■ **Assignment**: All of the records should be reproduced word for word, but no images may appear in the copy.

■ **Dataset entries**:
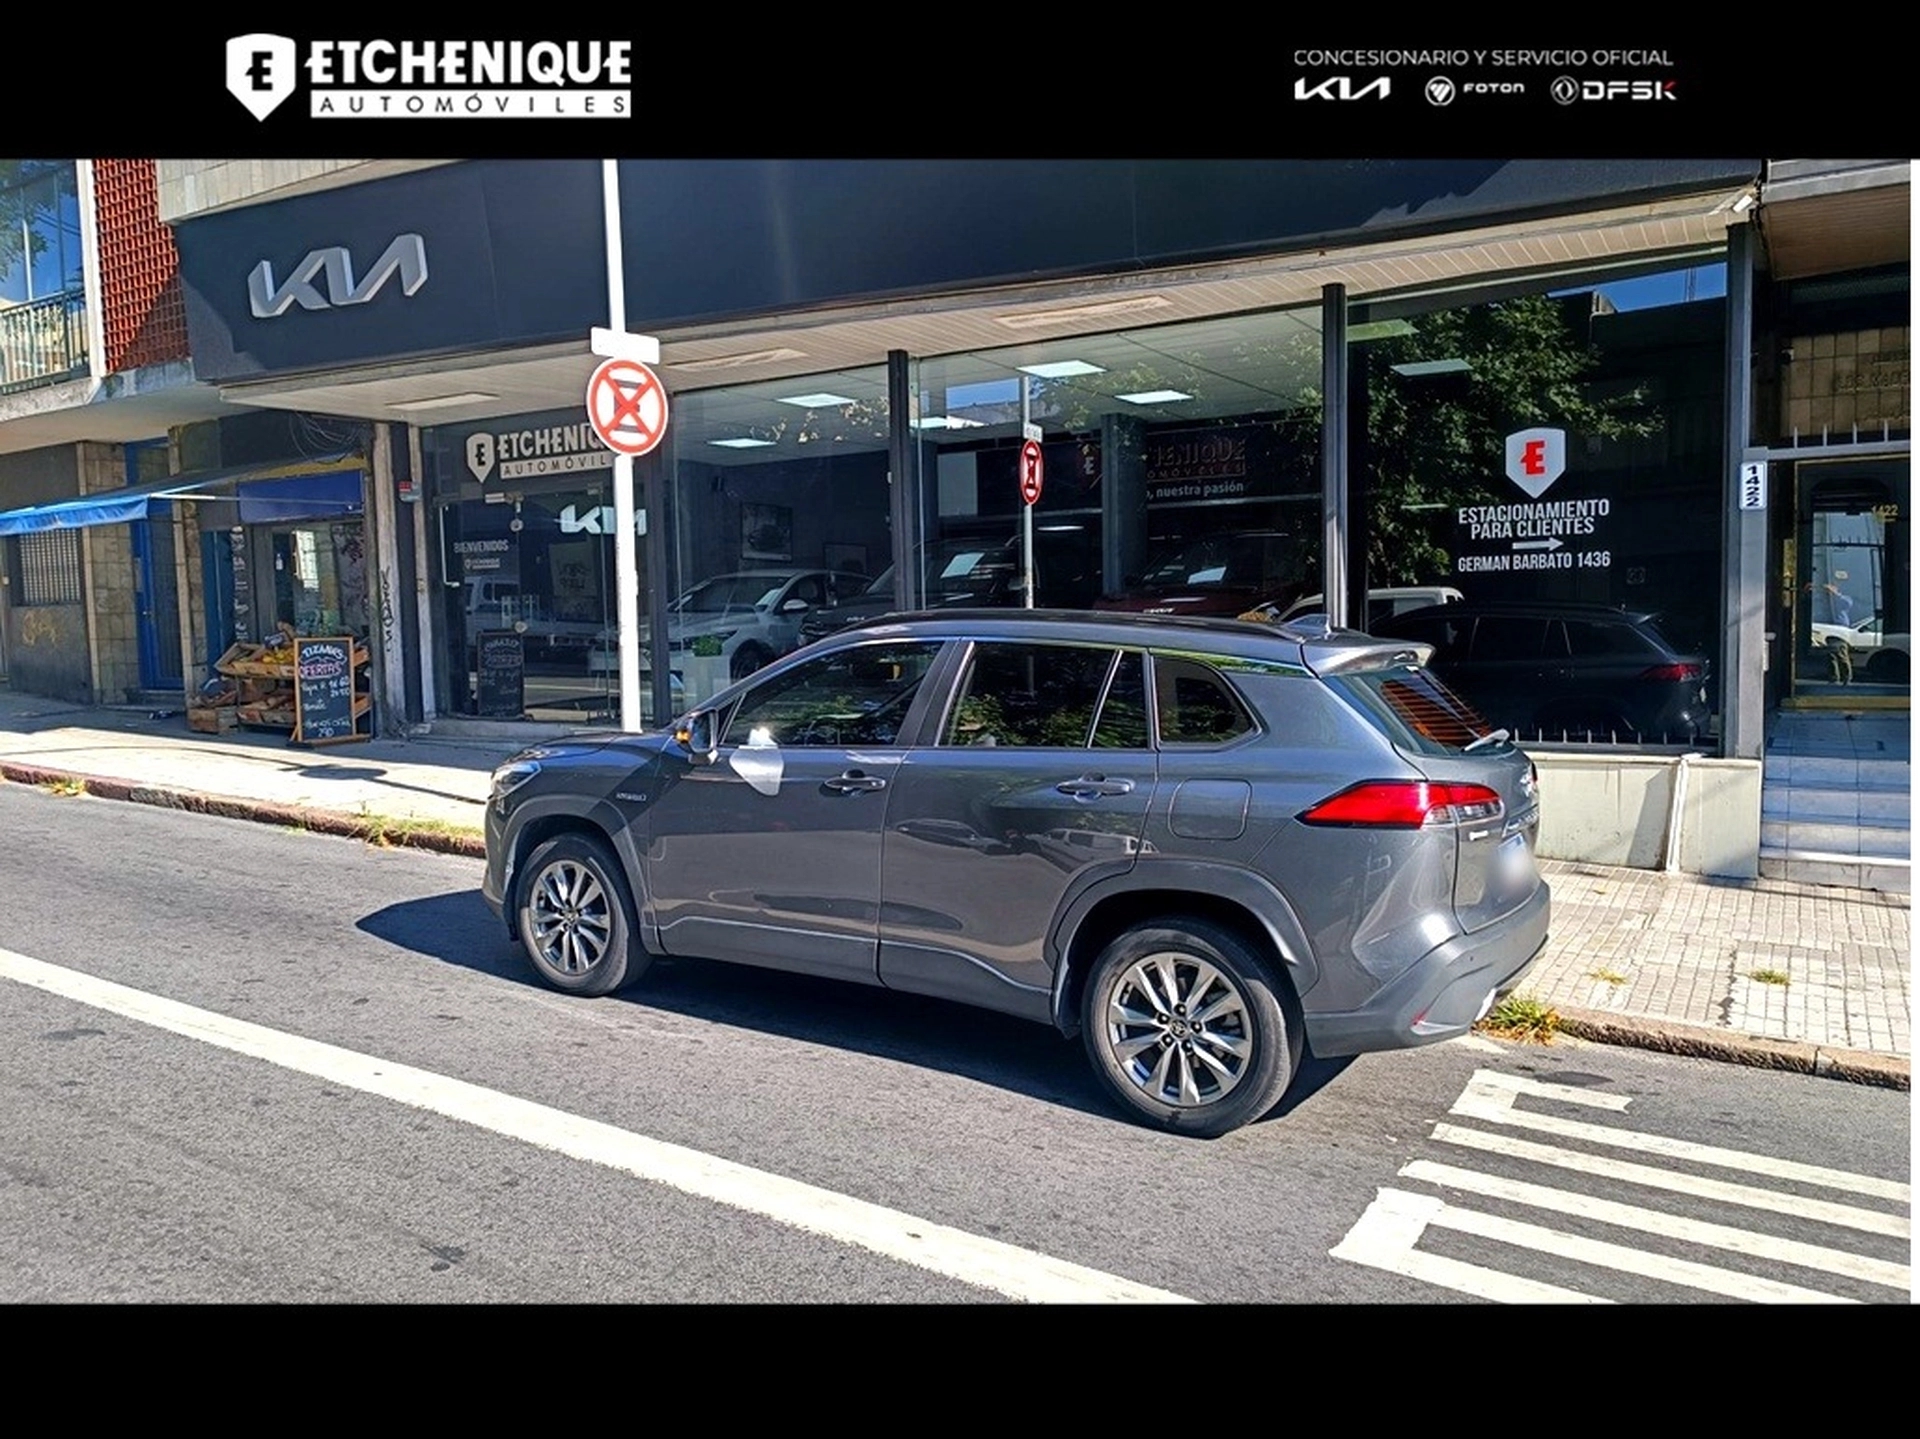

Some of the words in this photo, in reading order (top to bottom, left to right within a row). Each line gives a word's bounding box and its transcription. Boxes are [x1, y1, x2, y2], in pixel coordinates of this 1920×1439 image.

[497, 423, 605, 460] ETCHENIQ
[503, 456, 606, 476] AUTOMÓVIL
[1156, 484, 1201, 498] nuestra
[1203, 480, 1244, 497] pasión
[1458, 499, 1610, 525] ESTACIONAMIENTO
[1871, 504, 1899, 517] 1422
[1471, 522, 1513, 540] PARA
[1516, 517, 1595, 538] CLIENTES
[1458, 554, 1510, 572] GERMAN
[1512, 552, 1573, 571] BARBATO
[1577, 550, 1611, 568] 1436
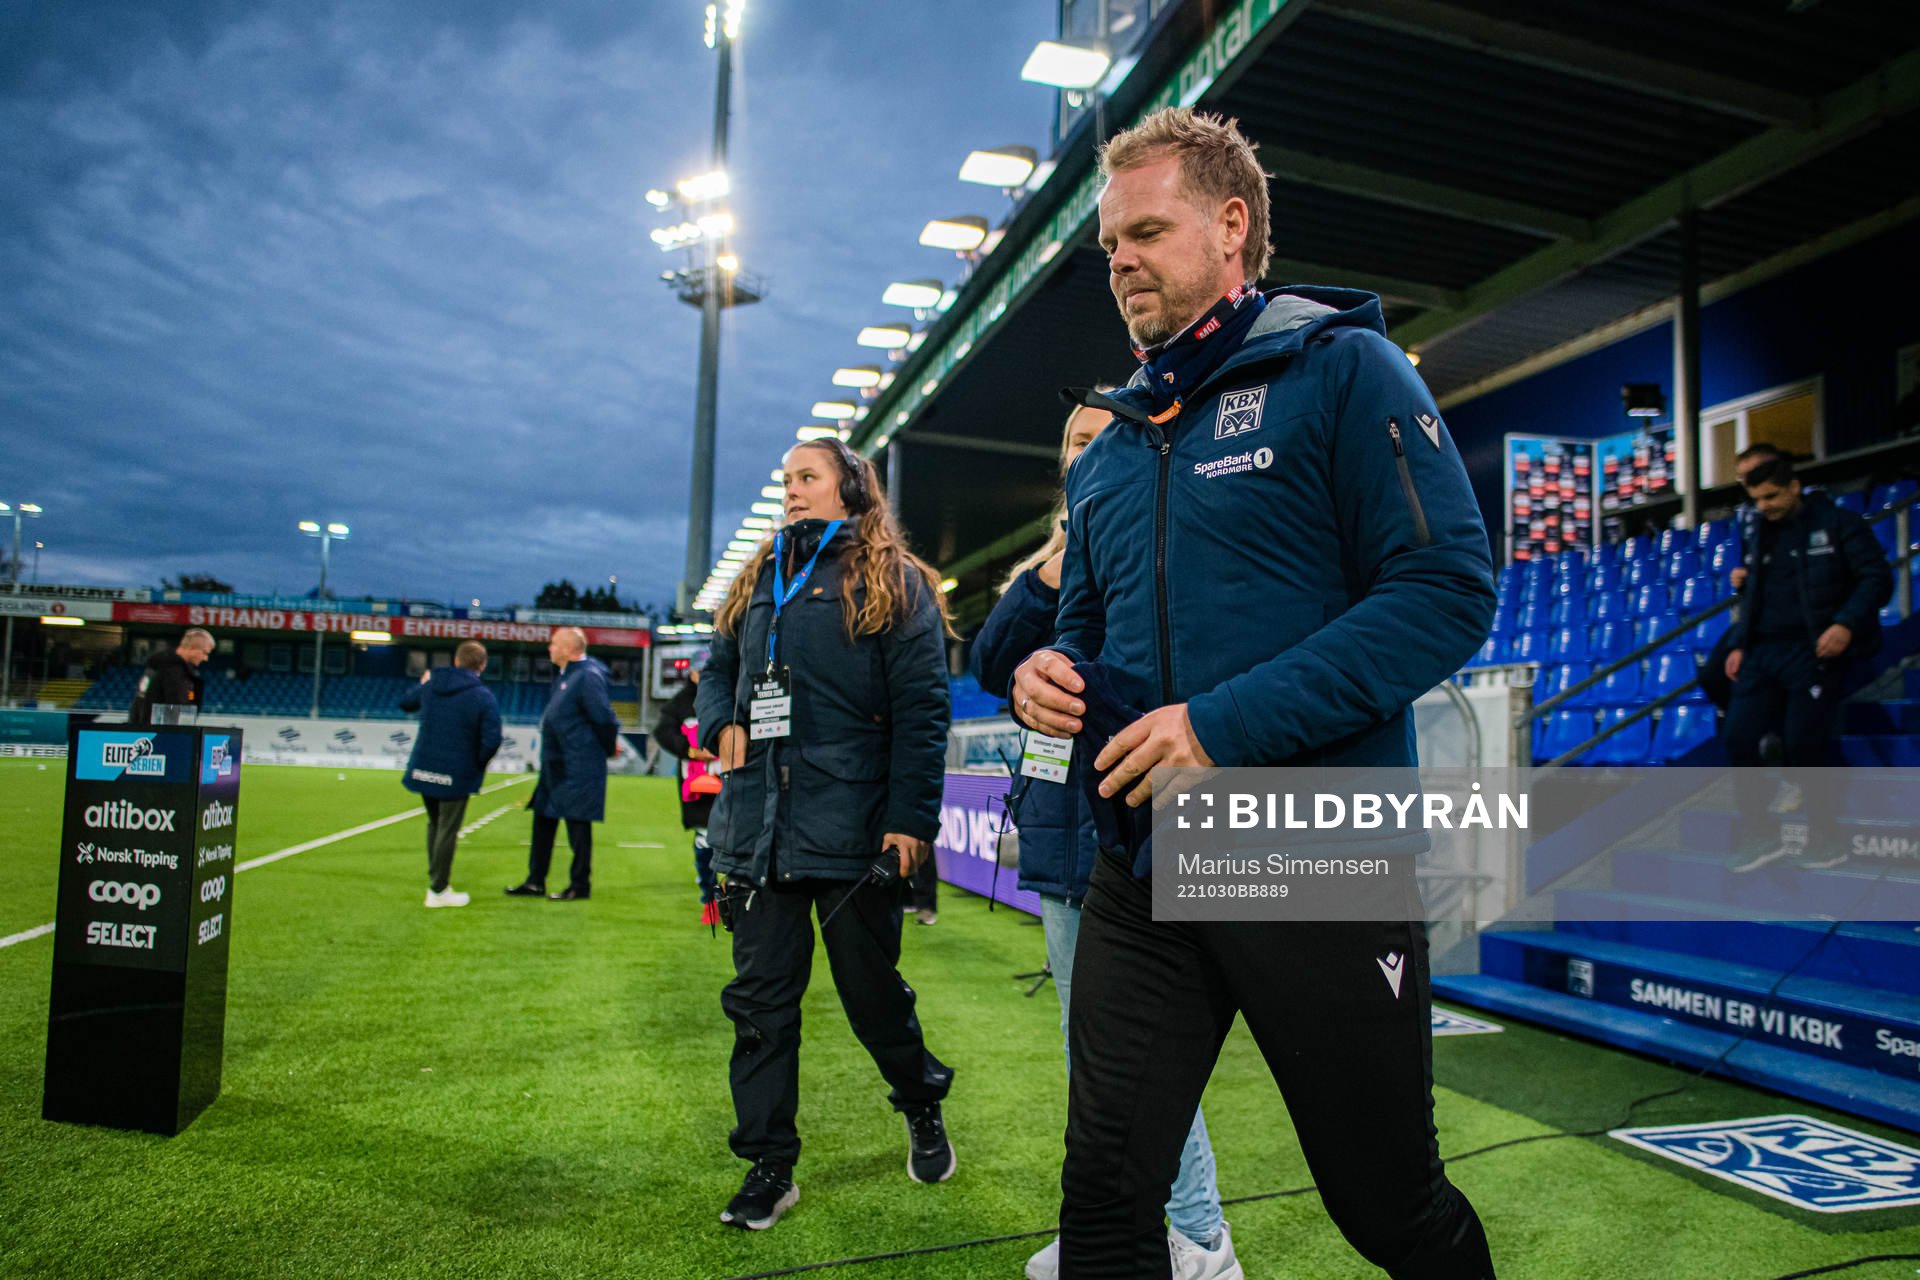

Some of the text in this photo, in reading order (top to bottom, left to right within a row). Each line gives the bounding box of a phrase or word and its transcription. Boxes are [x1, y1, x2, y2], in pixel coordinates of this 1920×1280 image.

[1224, 390, 1262, 412] KBK
[1193, 451, 1253, 475] SpareBank
[1206, 463, 1254, 480] NORDMØRE
[189, 606, 286, 630] STRAND
[290, 614, 307, 631] &
[105, 743, 134, 764] ELITE
[130, 757, 164, 773] SERIEN
[84, 799, 176, 832] altibox
[202, 799, 233, 832] altibox
[96, 846, 179, 870] Norsk Tipping
[88, 880, 162, 911] coop
[200, 875, 226, 904] coop
[86, 921, 157, 949] SELECT
[198, 913, 223, 946] SELECT
[1630, 978, 1844, 1051] SAMMEN ER VI KBK
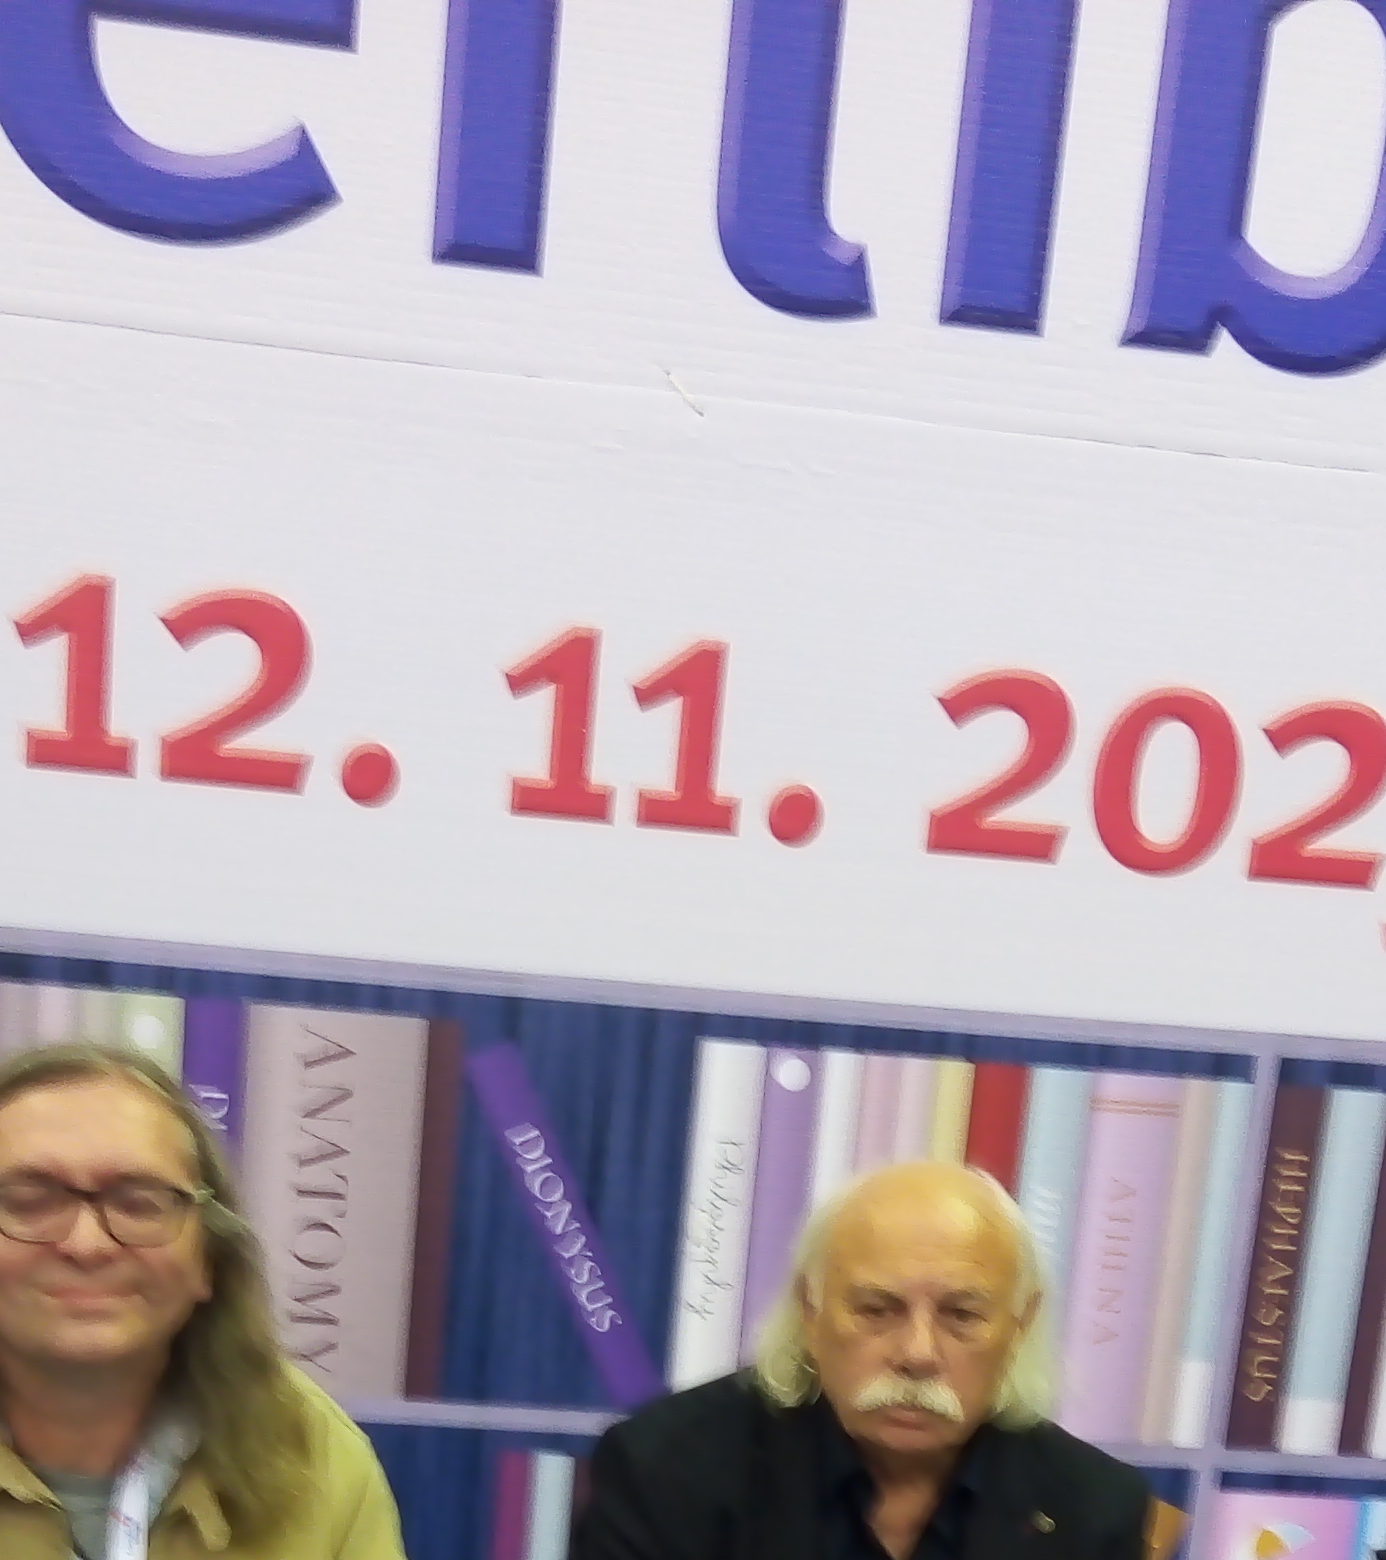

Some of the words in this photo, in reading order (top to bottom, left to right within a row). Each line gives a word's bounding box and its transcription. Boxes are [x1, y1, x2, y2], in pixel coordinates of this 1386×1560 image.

[13, 570, 402, 811] 12.
[502, 624, 825, 849] 11.
[287, 1023, 358, 1374] ANATOMY
[503, 1121, 623, 1334] DIONYSUS

■ **Result for this exercise**:
Some of the words in this photo, in reading order (top to bottom, left to right within a row). Each line gives a word's bounding box and its transcription. Boxes are [x1, y1, x2, y2], in pixel coordinates of this 1920×1439 image.

[497, 423, 605, 460] ETCHENIQ
[503, 456, 606, 476] AUTOMÓVIL
[1156, 484, 1201, 498] nuestra
[1203, 480, 1244, 497] pasión
[1458, 499, 1610, 525] ESTACIONAMIENTO
[1871, 504, 1899, 517] 1422
[1471, 522, 1513, 540] PARA
[1516, 517, 1595, 538] CLIENTES
[1458, 554, 1510, 572] GERMAN
[1512, 552, 1573, 571] BARBATO
[1577, 550, 1611, 568] 1436

Some of the text in this photo, in reading order (top to bottom, left to right within a row). Each line gives the bounding box of a phrase or word and its transcription. Boxes are [x1, y1, x2, y2], in pixel coordinates of this 1920×1280 image.

[1224, 390, 1262, 412] KBK
[1193, 451, 1253, 475] SpareBank
[1206, 463, 1254, 480] NORDMØRE
[189, 606, 286, 630] STRAND
[290, 614, 307, 631] &
[105, 743, 134, 764] ELITE
[130, 757, 164, 773] SERIEN
[84, 799, 176, 832] altibox
[202, 799, 233, 832] altibox
[96, 846, 179, 870] Norsk Tipping
[88, 880, 162, 911] coop
[200, 875, 226, 904] coop
[86, 921, 157, 949] SELECT
[198, 913, 223, 946] SELECT
[1630, 978, 1844, 1051] SAMMEN ER VI KBK

Some of the words in this photo, in reading order (top to bottom, left to right within a row). Each line gives a word's bounding box and its transcription. Boxes are [x1, y1, x2, y2], in pixel coordinates of this 1386×1560 image.

[13, 570, 402, 811] 12.
[502, 624, 825, 849] 11.
[287, 1023, 358, 1374] ANATOMY
[503, 1121, 623, 1334] DIONYSUS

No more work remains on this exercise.